◆ SUPPLIED DATA:
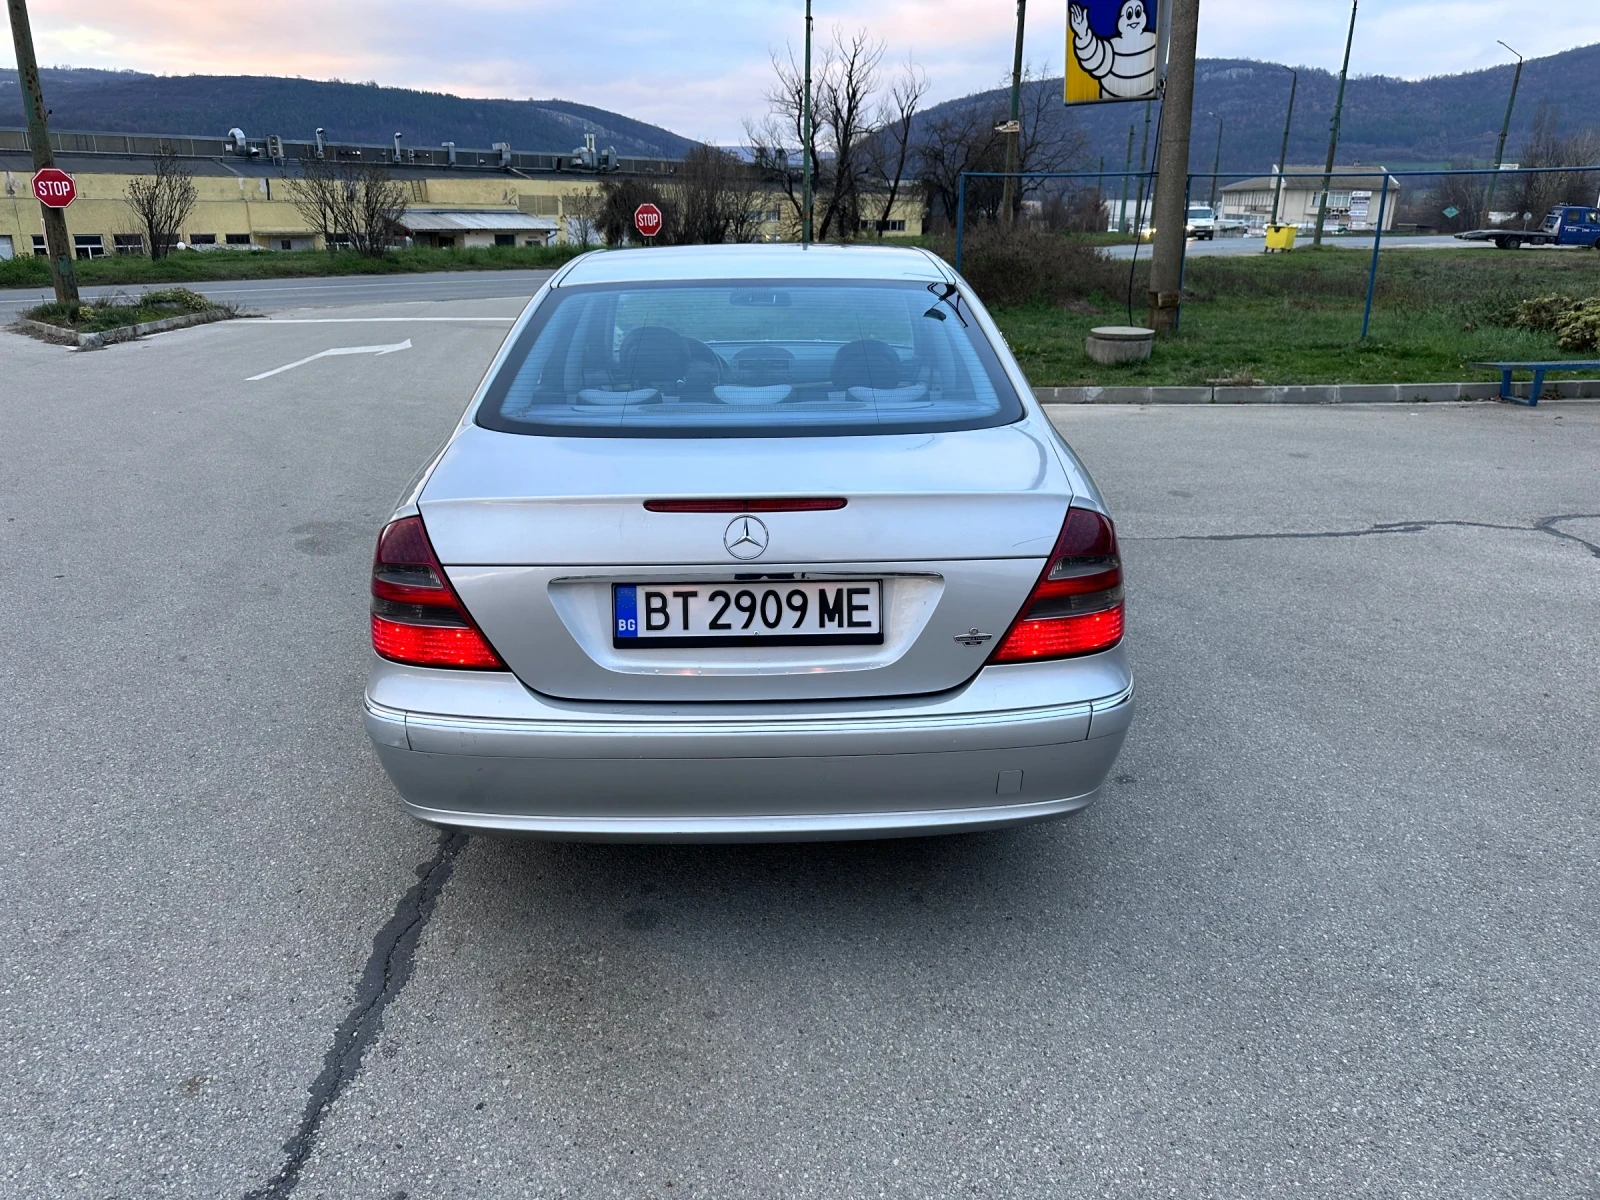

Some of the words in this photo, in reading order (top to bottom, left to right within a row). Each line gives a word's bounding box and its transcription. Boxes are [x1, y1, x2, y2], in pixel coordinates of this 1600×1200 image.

[38, 181, 70, 196] STOP
[638, 213, 658, 227] STOP
[645, 591, 698, 631] BT
[708, 589, 808, 630] 2909
[818, 587, 872, 628] ME
[618, 619, 636, 631] BG
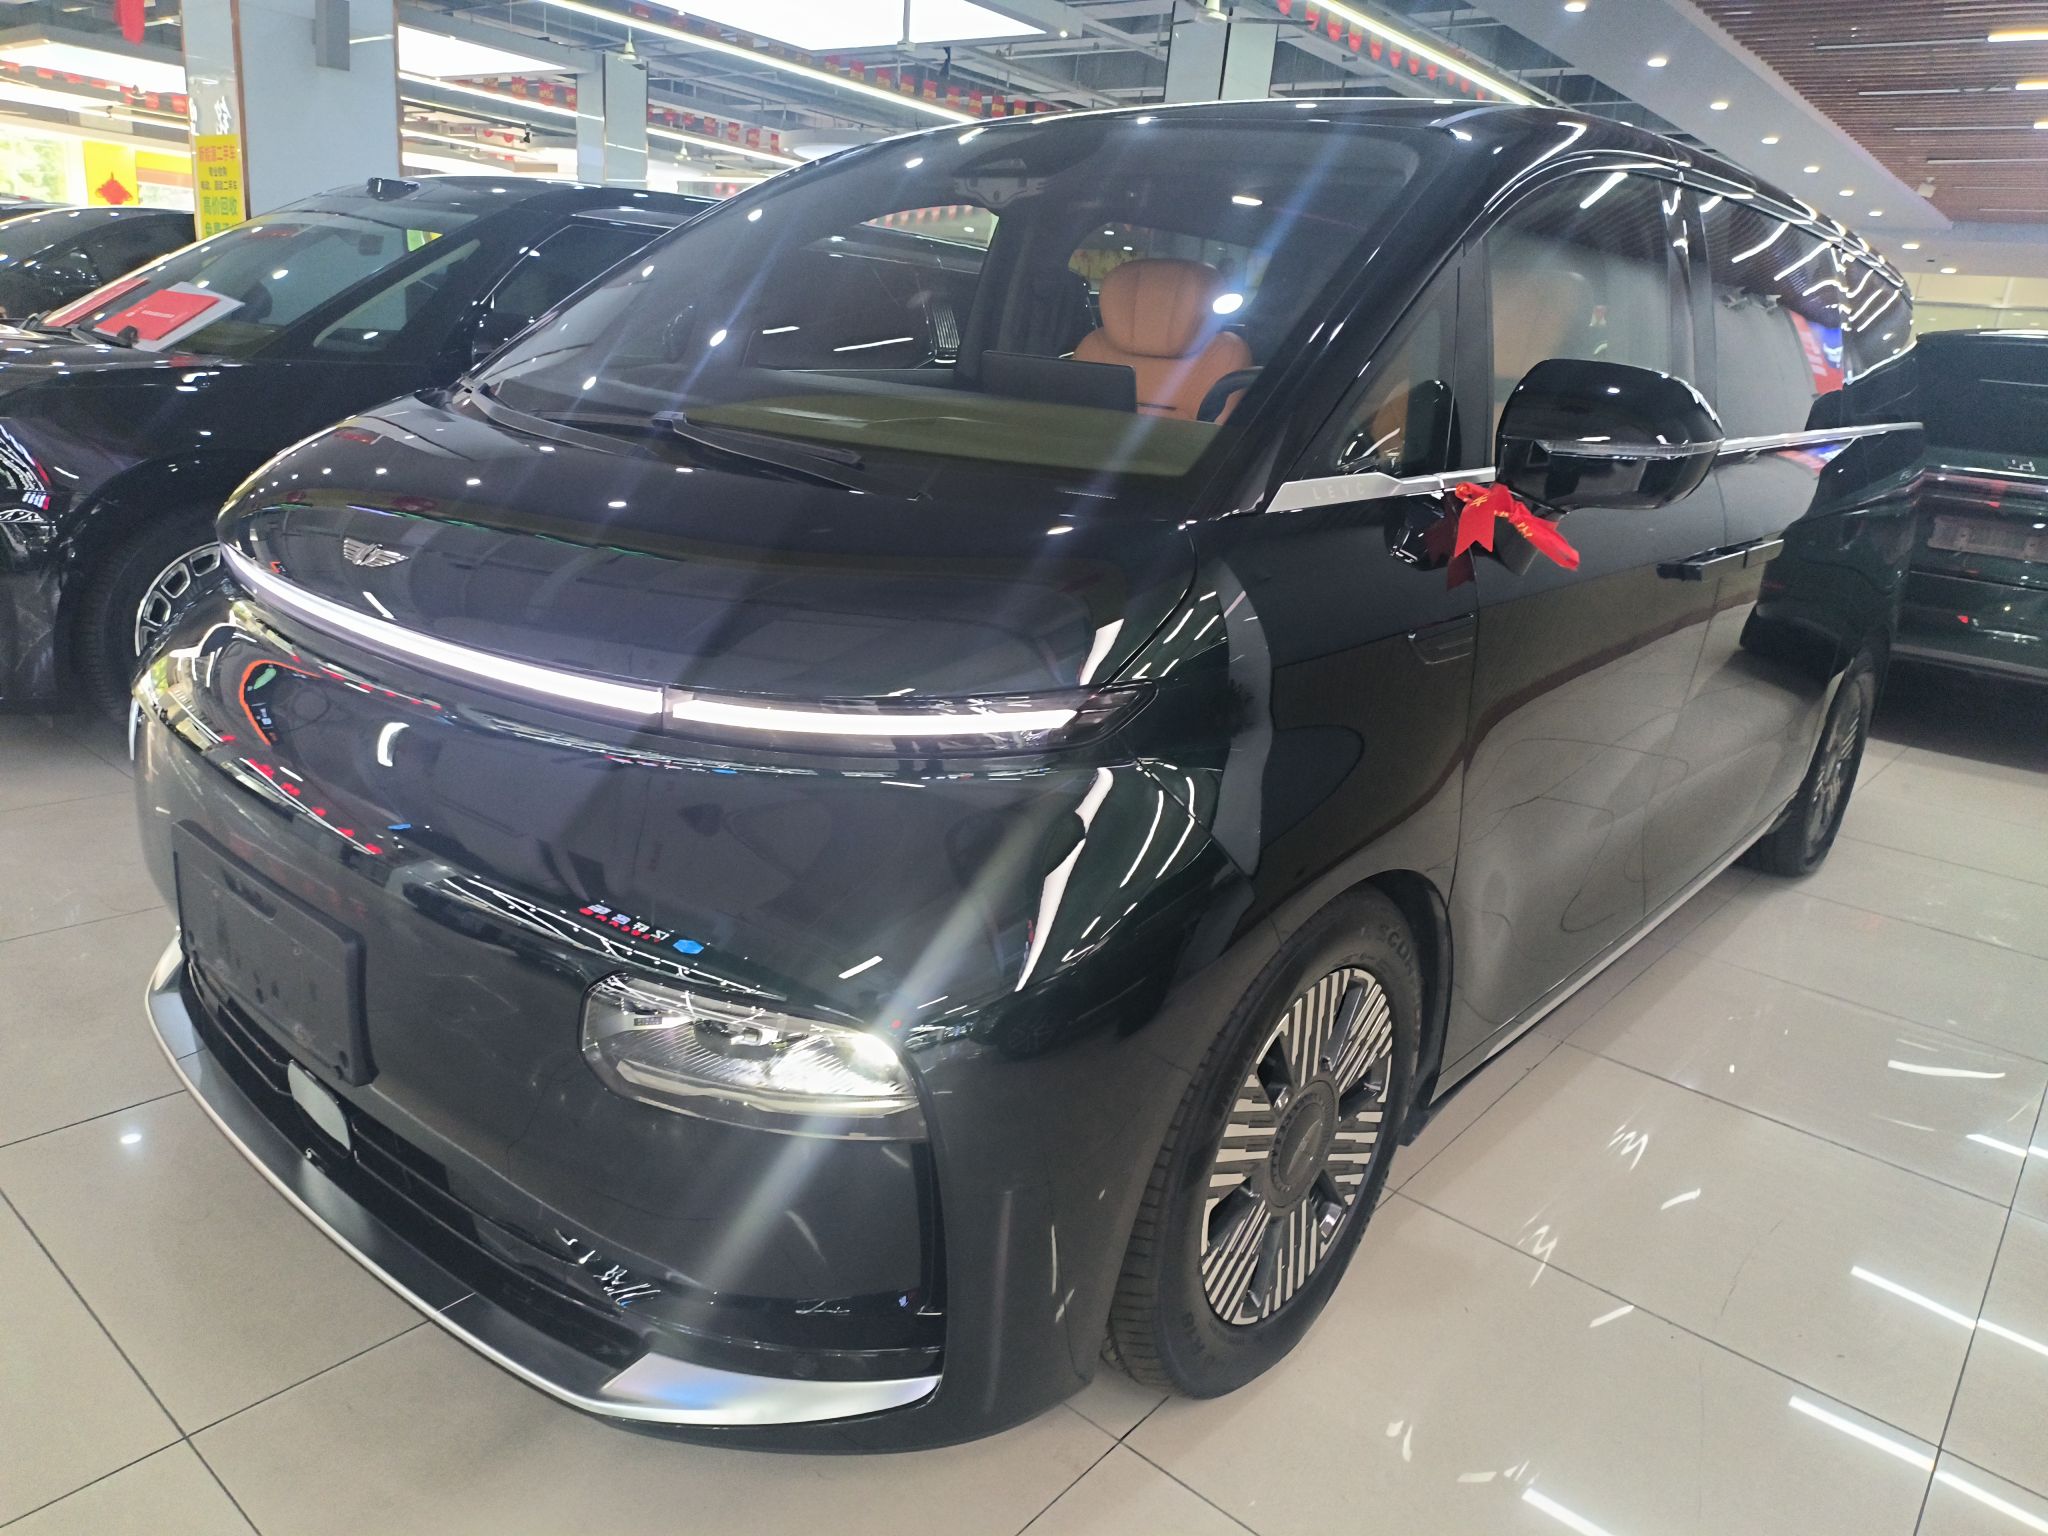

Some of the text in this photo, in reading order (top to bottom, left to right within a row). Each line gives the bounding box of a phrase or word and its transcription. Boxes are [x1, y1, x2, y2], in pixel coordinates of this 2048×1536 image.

[202, 196, 239, 216] 高价回收
[1311, 482, 1366, 500] LEVC
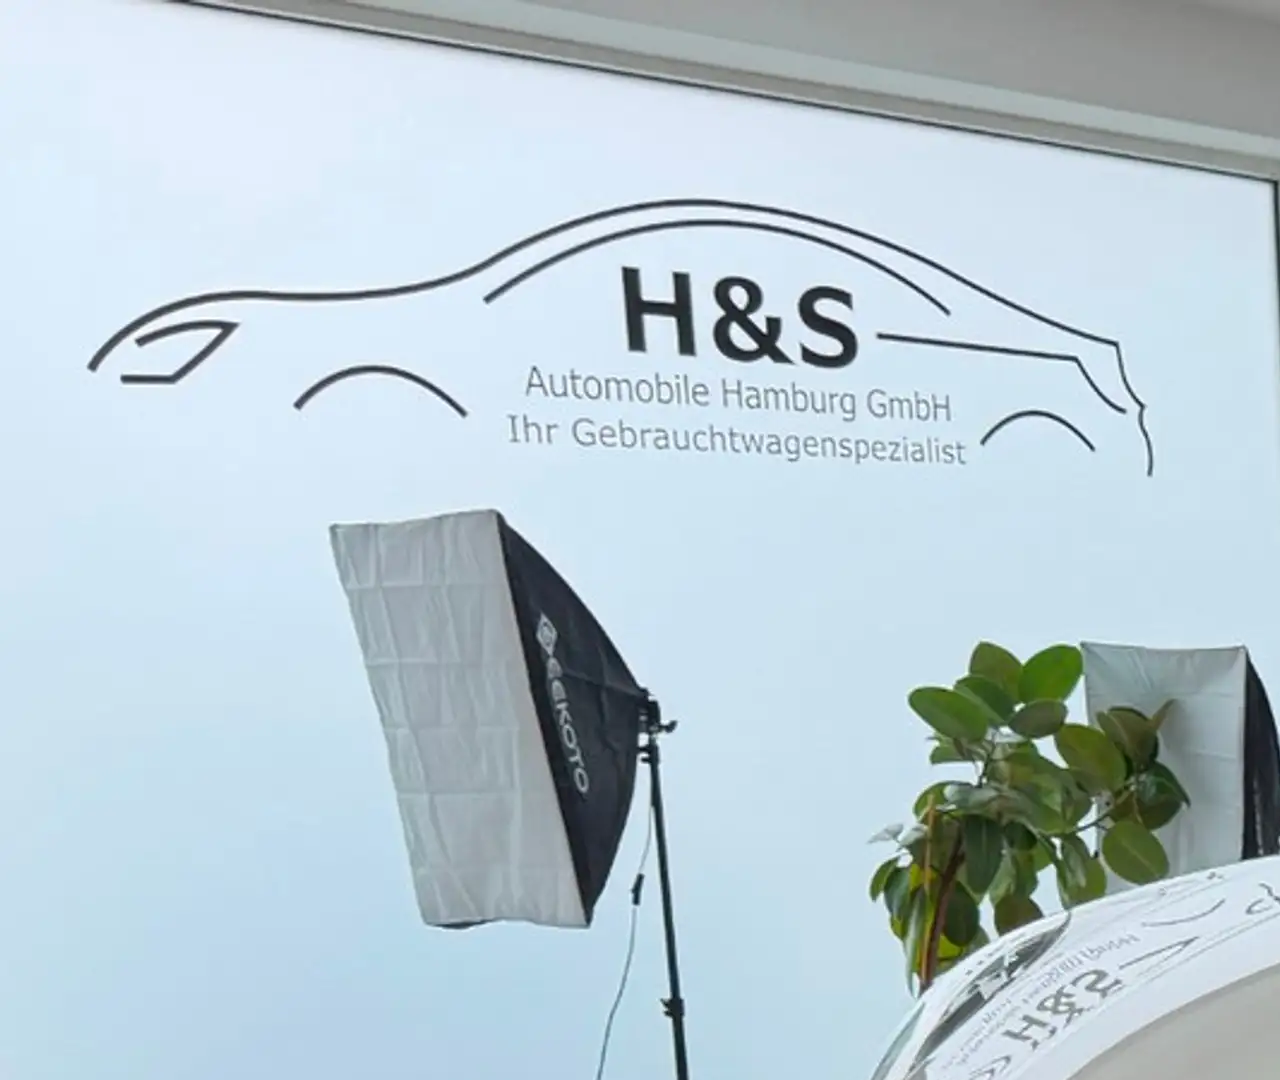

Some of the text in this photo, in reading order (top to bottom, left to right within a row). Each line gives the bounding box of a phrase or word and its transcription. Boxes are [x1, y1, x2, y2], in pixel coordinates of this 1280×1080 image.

[620, 266, 859, 369] H&S
[524, 365, 952, 422] Automobile Hamburg GmbH
[506, 414, 967, 465] Ihr Gebrauchtwagenspezialist

◆ TASK: Repeat each record exactly, with the pictures left out.

◆ REPLY TO THE TASK:
Some of the words in this photo, in reading order (top to bottom, left to right within a row). Each line gives a word's bounding box and its transcription. Boxes are [x1, y1, x2, y2], in pixel coordinates of this 1600×1200 image.

[38, 181, 70, 196] STOP
[638, 213, 658, 227] STOP
[645, 591, 698, 631] BT
[708, 589, 808, 630] 2909
[818, 587, 872, 628] ME
[618, 619, 636, 631] BG

Some of the text in this photo, in reading order (top to bottom, left to right within a row). Each line gives the bounding box of a phrase or word and its transcription. Boxes are [x1, y1, x2, y2], in pixel coordinates of this 2048×1536 image.

[202, 196, 239, 216] 高价回收
[1311, 482, 1366, 500] LEVC

Some of the text in this photo, in reading order (top to bottom, left to right within a row). Each line gives the bounding box of a phrase or word and its transcription. Boxes are [x1, y1, x2, y2], in pixel coordinates of this 1280×1080 image.

[620, 266, 859, 369] H&S
[524, 365, 952, 422] Automobile Hamburg GmbH
[506, 414, 967, 465] Ihr Gebrauchtwagenspezialist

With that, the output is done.